* _EXERCISE GOAL_:
Each line below should be restated exactly, with nothing dropped.

--- RECORDS TO USE Enclosed Below ---

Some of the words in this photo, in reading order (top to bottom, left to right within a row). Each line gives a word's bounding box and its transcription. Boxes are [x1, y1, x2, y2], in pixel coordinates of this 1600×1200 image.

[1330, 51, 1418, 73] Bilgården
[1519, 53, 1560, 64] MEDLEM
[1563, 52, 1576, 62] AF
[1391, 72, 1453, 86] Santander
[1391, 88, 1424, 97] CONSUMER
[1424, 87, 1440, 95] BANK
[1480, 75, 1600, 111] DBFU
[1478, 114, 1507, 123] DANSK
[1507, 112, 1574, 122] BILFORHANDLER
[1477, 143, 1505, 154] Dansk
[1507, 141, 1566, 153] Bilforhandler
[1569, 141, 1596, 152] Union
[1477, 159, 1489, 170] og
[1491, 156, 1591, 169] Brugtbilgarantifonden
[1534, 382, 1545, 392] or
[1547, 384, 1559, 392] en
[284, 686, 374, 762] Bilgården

--- End of Enclosed RECORDS TO USE ---

* _SOLUTION TO THE PROBLEM_:
Some of the words in this photo, in reading order (top to bottom, left to right within a row). Each line gives a word's bounding box and its transcription. Boxes are [x1, y1, x2, y2], in pixel coordinates of this 1600×1200 image.

[1330, 51, 1418, 73] Bilgården
[1519, 53, 1560, 64] MEDLEM
[1563, 52, 1576, 62] AF
[1391, 72, 1453, 86] Santander
[1391, 88, 1424, 97] CONSUMER
[1424, 87, 1440, 95] BANK
[1480, 75, 1600, 111] DBFU
[1478, 114, 1507, 123] DANSK
[1507, 112, 1574, 122] BILFORHANDLER
[1477, 143, 1505, 154] Dansk
[1507, 141, 1566, 153] Bilforhandler
[1569, 141, 1596, 152] Union
[1477, 159, 1489, 170] og
[1491, 156, 1591, 169] Brugtbilgarantifonden
[1534, 382, 1545, 392] or
[1547, 384, 1559, 392] en
[284, 686, 374, 762] Bilgården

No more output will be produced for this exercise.